Your task: Only the pictures should be dropped; every line of the data must come back exactly as written.

[[ Task inputs open ]]

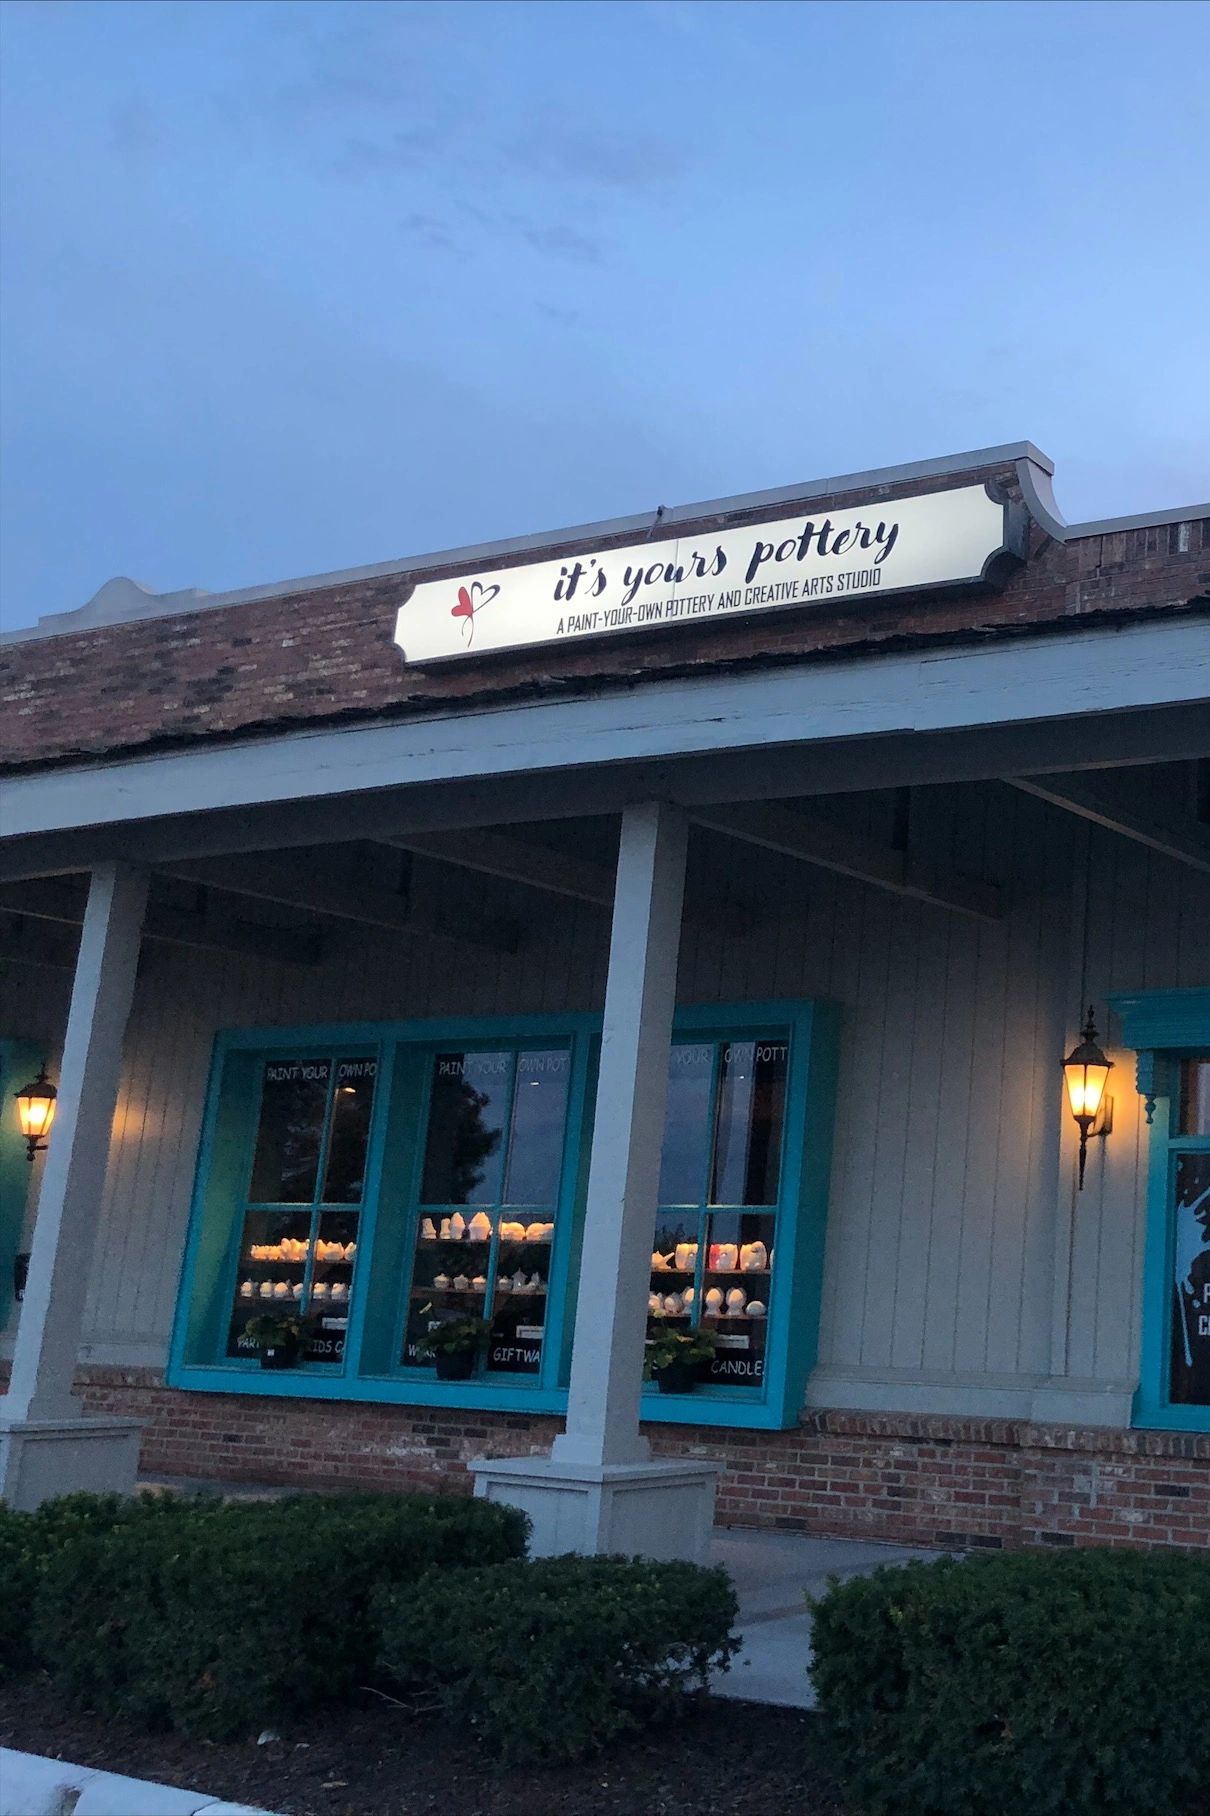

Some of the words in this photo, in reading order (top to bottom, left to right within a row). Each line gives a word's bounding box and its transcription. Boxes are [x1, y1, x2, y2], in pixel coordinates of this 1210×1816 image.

[554, 559, 607, 601] it's
[621, 545, 727, 606] yours
[745, 519, 899, 584] pottery
[556, 618, 564, 634] A
[567, 602, 662, 632] PAINT-YOUR-OWN
[665, 594, 715, 617] POTTERY
[717, 590, 741, 610] AND
[744, 580, 799, 605] CREATIVE
[801, 575, 834, 597] ARTS
[837, 568, 881, 591] STUDIO

[[ Task inputs closed ]]

Your solution:
Some of the words in this photo, in reading order (top to bottom, left to right within a row). Each line gives a word's bounding box and its transcription. Boxes are [x1, y1, x2, y2], in pixel coordinates of this 1210×1816 image.

[554, 559, 607, 601] it's
[621, 545, 727, 606] yours
[745, 519, 899, 584] pottery
[556, 618, 564, 634] A
[567, 602, 662, 632] PAINT-YOUR-OWN
[665, 594, 715, 617] POTTERY
[717, 590, 741, 610] AND
[744, 580, 799, 605] CREATIVE
[801, 575, 834, 597] ARTS
[837, 568, 881, 591] STUDIO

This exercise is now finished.